Records for the task:

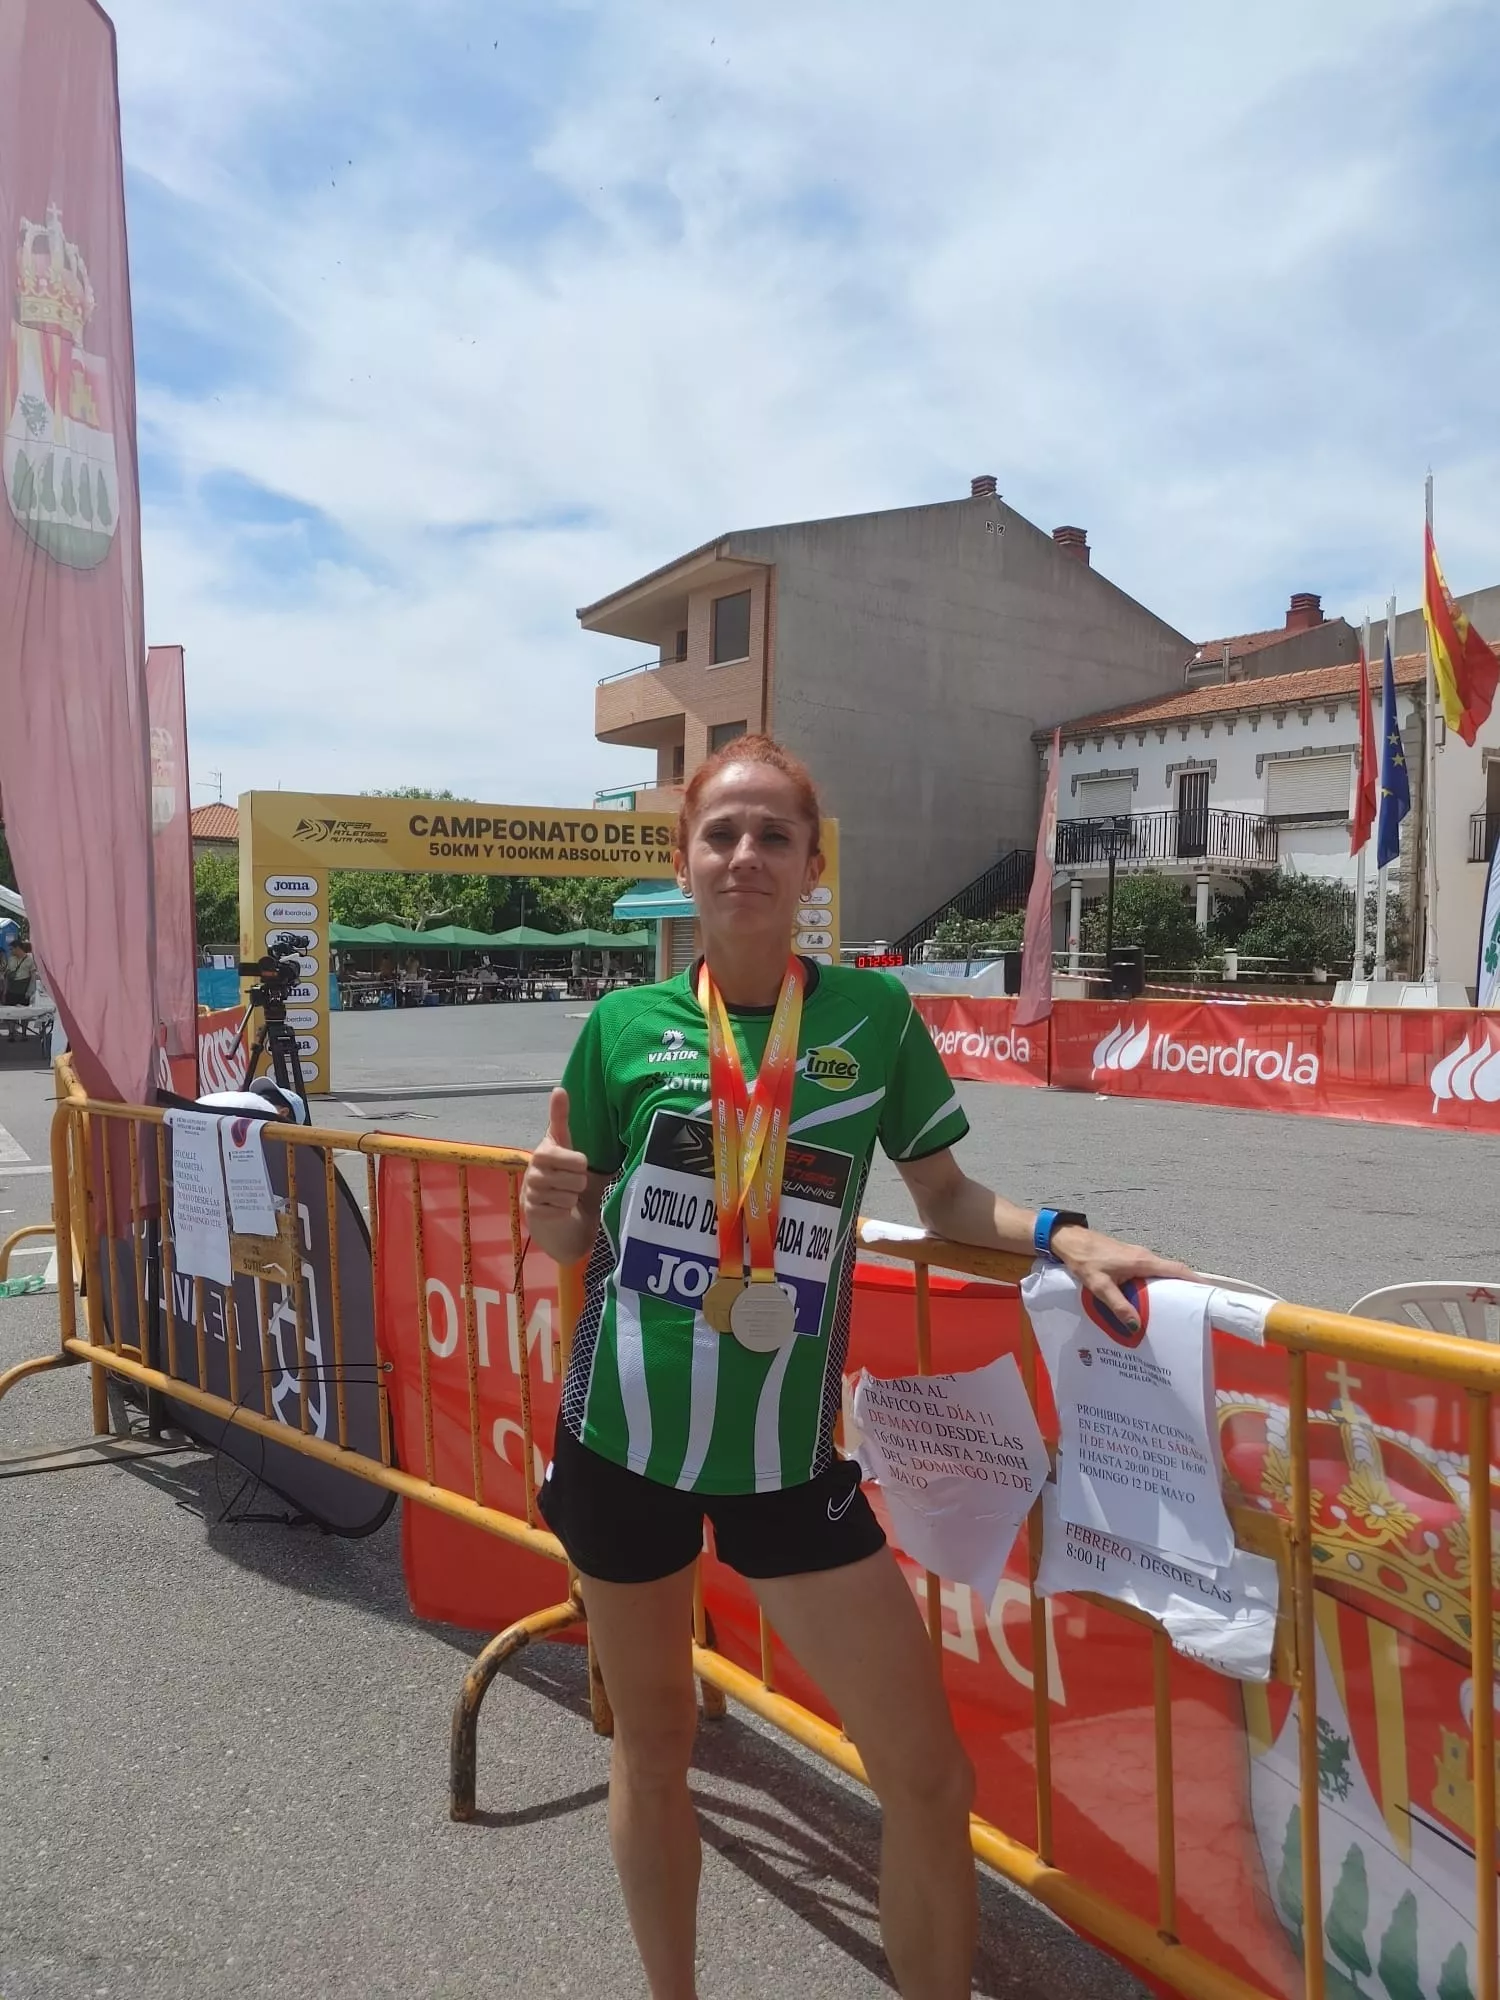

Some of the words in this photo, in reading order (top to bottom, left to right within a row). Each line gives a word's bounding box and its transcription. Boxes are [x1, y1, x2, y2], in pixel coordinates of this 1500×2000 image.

[409, 814, 598, 844] CAMPEONATO
[604, 823, 634, 844] DE
[430, 842, 478, 858] 50KM
[484, 844, 494, 858] Y
[499, 845, 554, 860] 100KM
[558, 848, 640, 862] ABSOLUTO
[645, 850, 654, 862] Y
[648, 1050, 699, 1063] VIATOR
[1152, 1033, 1318, 1084] Iberdrola
[640, 1185, 698, 1230] SOTILLO
[700, 1199, 718, 1236] DE
[775, 1216, 803, 1257] ADA
[806, 1225, 832, 1262] 2024
[863, 1388, 921, 1414] TRÁFICO
[925, 1400, 944, 1418] EL
[947, 1404, 976, 1424] DÍA
[979, 1411, 994, 1426] 11
[927, 1385, 948, 1400] AL
[868, 1409, 886, 1426] DE
[888, 1414, 932, 1434] MAYO
[936, 1423, 988, 1445] DESDE
[990, 1432, 1024, 1450] LAS
[1077, 1404, 1130, 1426] PROHIBIDO
[874, 1428, 904, 1448] 16:00
[906, 1438, 917, 1452] H
[920, 1440, 973, 1461] HASTA
[975, 1450, 1030, 1471] 20:00H
[1078, 1418, 1092, 1430] EN
[1094, 1424, 1120, 1438] ESTA
[1121, 1428, 1148, 1446] ZONA
[1152, 1438, 1166, 1450] EL
[881, 1446, 906, 1466] DEL
[910, 1457, 988, 1481] DOMINGO
[992, 1470, 1008, 1486] 12
[1012, 1476, 1033, 1492] DE
[1088, 1450, 1122, 1470] HASTA
[1125, 1460, 1150, 1475] 20:00
[1152, 1466, 1172, 1482] DEL
[1090, 1436, 1104, 1449] DE
[1142, 1450, 1178, 1468] DESDE
[1181, 1460, 1206, 1476] 16:00
[888, 1464, 928, 1490] MAYO
[1079, 1462, 1129, 1486] DOMINGO
[1132, 1476, 1142, 1489] 12
[1144, 1482, 1159, 1494] DE
[1161, 1486, 1196, 1504] MAYO
[1066, 1542, 1092, 1566] 8:00
[1096, 1558, 1106, 1572] H
[1140, 1554, 1194, 1588] DESDE
[1198, 1578, 1232, 1604] LAS

Work to be completed: Output each line of the listing above that has "MAYO".

Result:
[888, 1414, 932, 1434] MAYO
[888, 1464, 928, 1490] MAYO
[1161, 1486, 1196, 1504] MAYO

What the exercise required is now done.